Cancer immunotherapy has shown great promise in cancer treatment over the last decade. Several cancer immunotherapies, such as immune checkpoint blockade therapies, cancer vaccines, and CAR-T therapies, have been extensively researched and have yielded promising results.
Cancer vaccines, which elicit tumor-specific immune stimulation, are one of the most important immunotherapeutic strategies and have great potential in cancer treatment. Patients have responded favorably to cancer vaccines based on neoantigens and messenger RNA (mRNA).
Despite enormous efforts in the development of cancer vaccines, which are still in the cancer prevention phase, eliciting a large number of immune responses in cancer patients remains a significant challenge, owing to the cancer vaccines’ low immunogenicity, the immunosuppressive tumor microenvironment, and the ground correlation between antigens in cancer vaccines and specific patient tumors.
Autologous tumors have been used to produce cancer vaccines in vitro or in vivo, so-called personalized cancer vaccines, to improve the therapeutic efficacy of cancer vaccines. Autologous tumor cell-based cancer vaccines benefit from tumor-specific tumor-associated antigens (TAA) and induce a stronger immune response than conventional cancer vaccines.
However, in vitro preparation of autologous tumor cell cancer vaccines suffers from complex processes, low yields, and suboptimal efficacy, which limit the clinical application of autologous tumor vaccines. In contrast, large-scale in situ generation of autologous tumor cell cancer vaccines in vivo avoids the complex in vitro vaccine preparation process and is ideal for the production of cancer vaccines.
On November 1, 2022, Fu-Gen Wu’s team from Southeast University’s School of Bioscience and Medical Engineering published a research paper in Nature Communications titled: In situ generation of micrometer-sized tumor cell-derived vesicles as autologous cancer vaccines for boosting systemic immune responses. HDDT nanoparticles were created using dendritic polymers loaded with adriamycin (DOX), tyrosine kinase inhibitor (TKI), and hyaluronic acid (HA) encapsulated nanoparticles. HDDT nanoparticles have the ability to convert 100% of cancer cells into micron-sized vesicles (HMVs).
Experiments in tumor mouse models revealed that HDDT nanoparticles could inhibit tumor growth, induce strong immunogenic cell death, and convert primary tumors into antigenic reservoirs by producing HMVs in situ as personalized cancer vaccines for cancer immunotherapy. Furthermore, after HDDT nanoparticle treatment, tumor model mice showed strong immune memory effects, which could prevent tumor recurrence in the long run.
In this study, the research team fabricated a series of nanobombs (NBs), including dendritic polymers (Dendritic Polymers) loaded with adriamycin (DOX, an anti-cancer drug) and tyrosine kinase inhibitors (TKI, an anti-cancer drug) and hyaluronic acid (HA, used for tumor targeting) encapsulation, called HDDT NBs.
The team found that after treatment of cancer cells with HDDT NBs, almost all cells (10-30 microns in diameter) were transformed into uniform micron-sized vesicles (1.6-3.2 microns), and cell-to-vesicle conversion efficiency was as high as 100%, meaning that all cancer cells could be efficiently converted into HDDT-induced micron-sized vesicles (HMVs).

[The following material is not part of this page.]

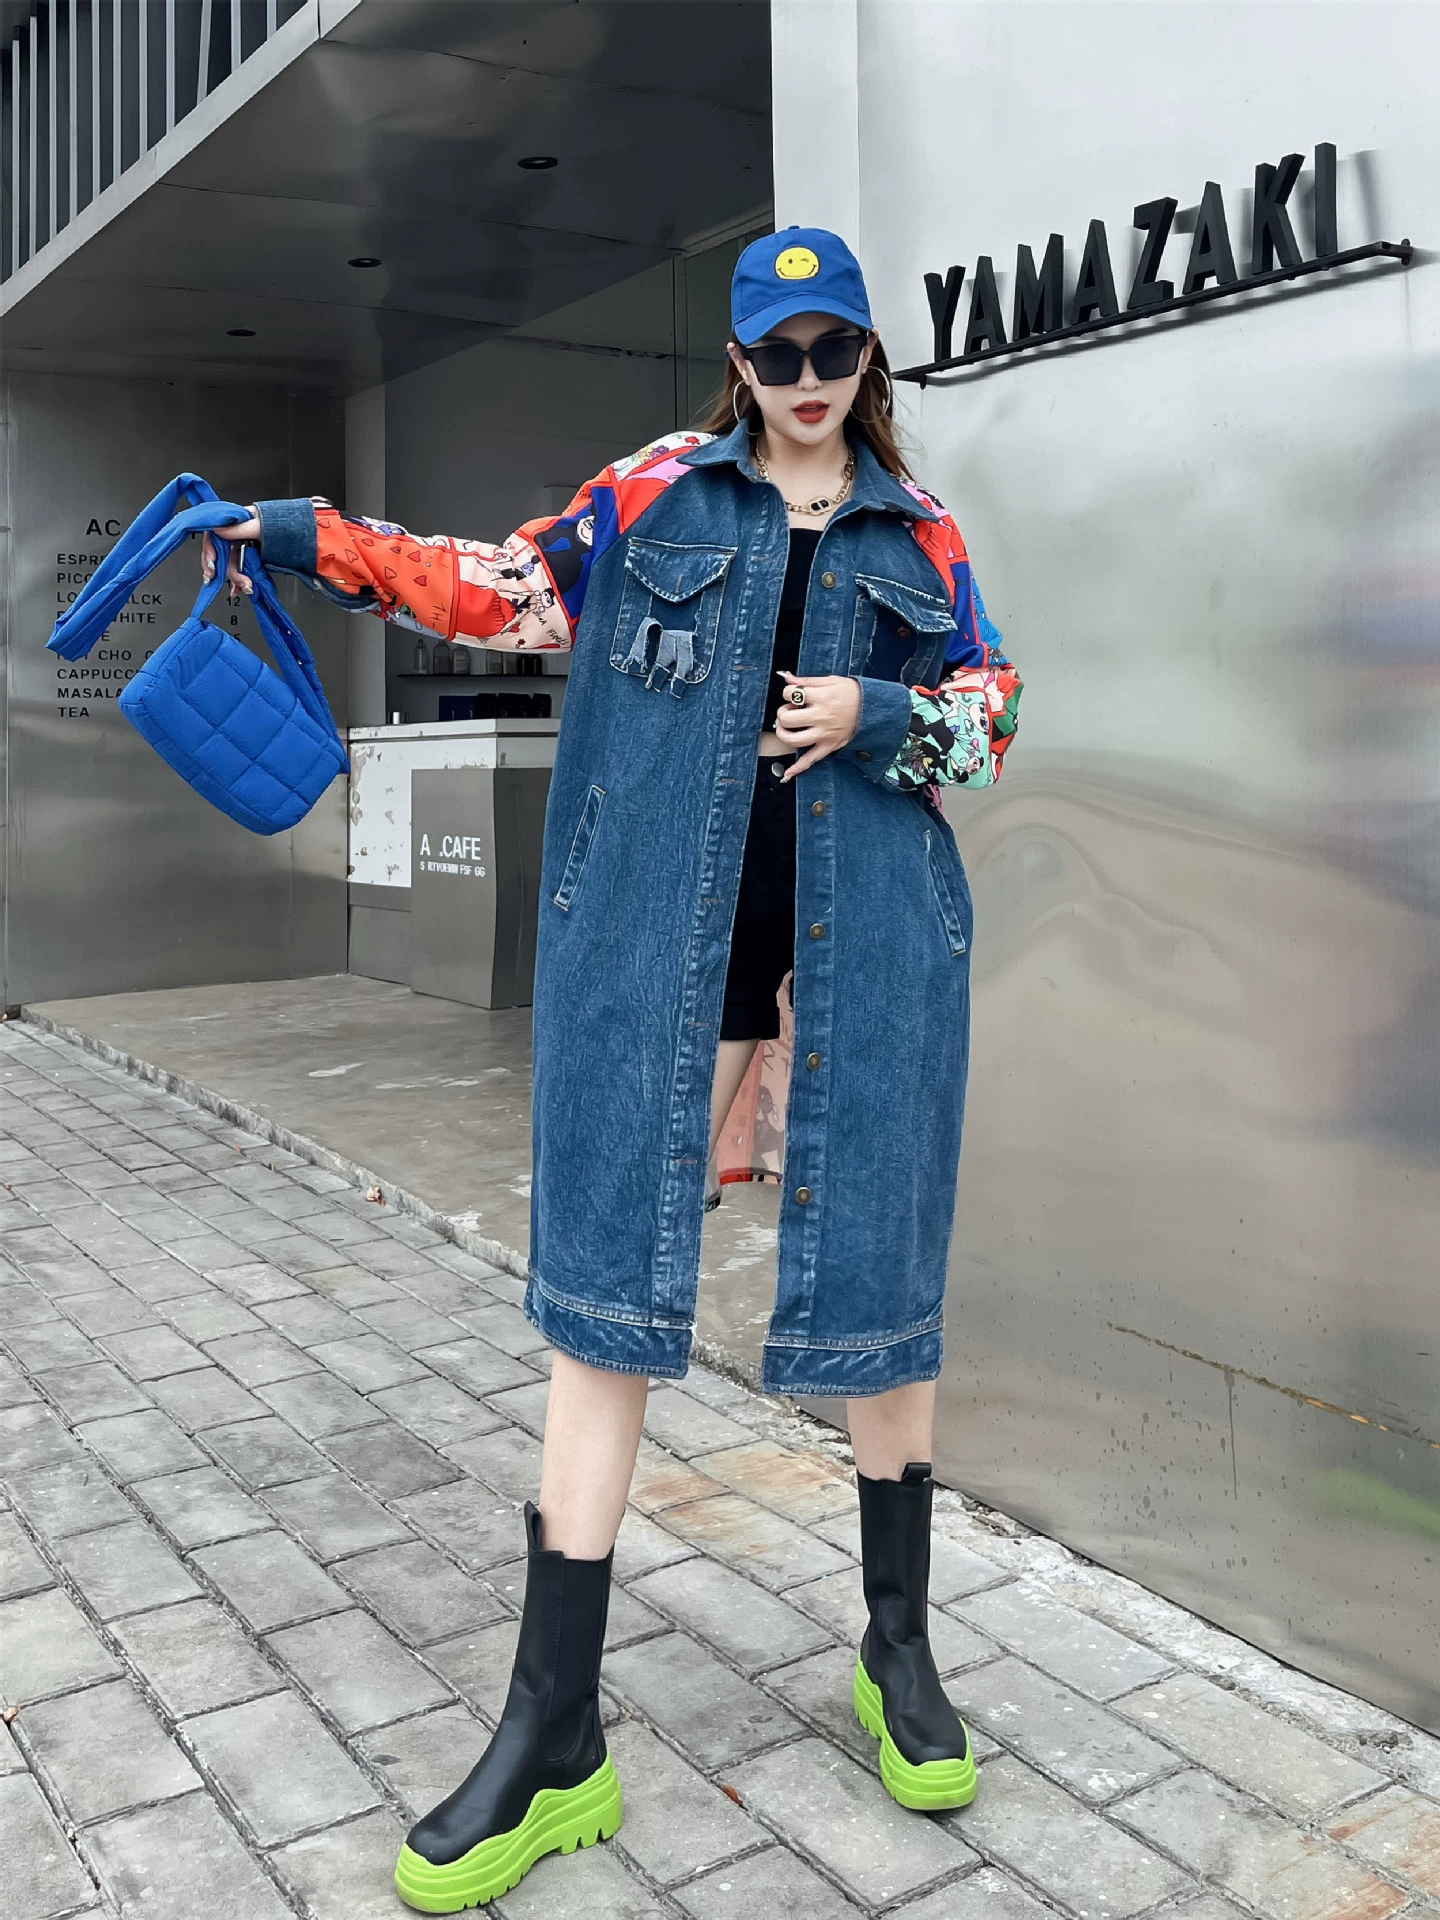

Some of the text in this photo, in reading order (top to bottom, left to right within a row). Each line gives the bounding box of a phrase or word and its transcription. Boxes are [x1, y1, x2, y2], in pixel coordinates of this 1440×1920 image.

Further studies revealed that HDDT NBs, after systemic administration, could accumulate in tumor areas, inhibit tumor growth under different tumor models, induce immunogenic cell death on a large scale, and produce HMVs in situ, transforming tumor tissues into antigenic reservoirs. Immune checkpoint blockade therapy, alone or in combination, could induce intra-tumor and systemic immune responses, establish a strong immune memory effect, cure mouse tumors, and effectively protect against recurrence.
Overall, the HDDT-induced micron-sized vesicles (HMVs) developed in this study provide a simple and promising nanotechnology-based strategy for the in situ production of autologous tumor cell vaccines and may provide clues for the development of personalized cancer vaccines.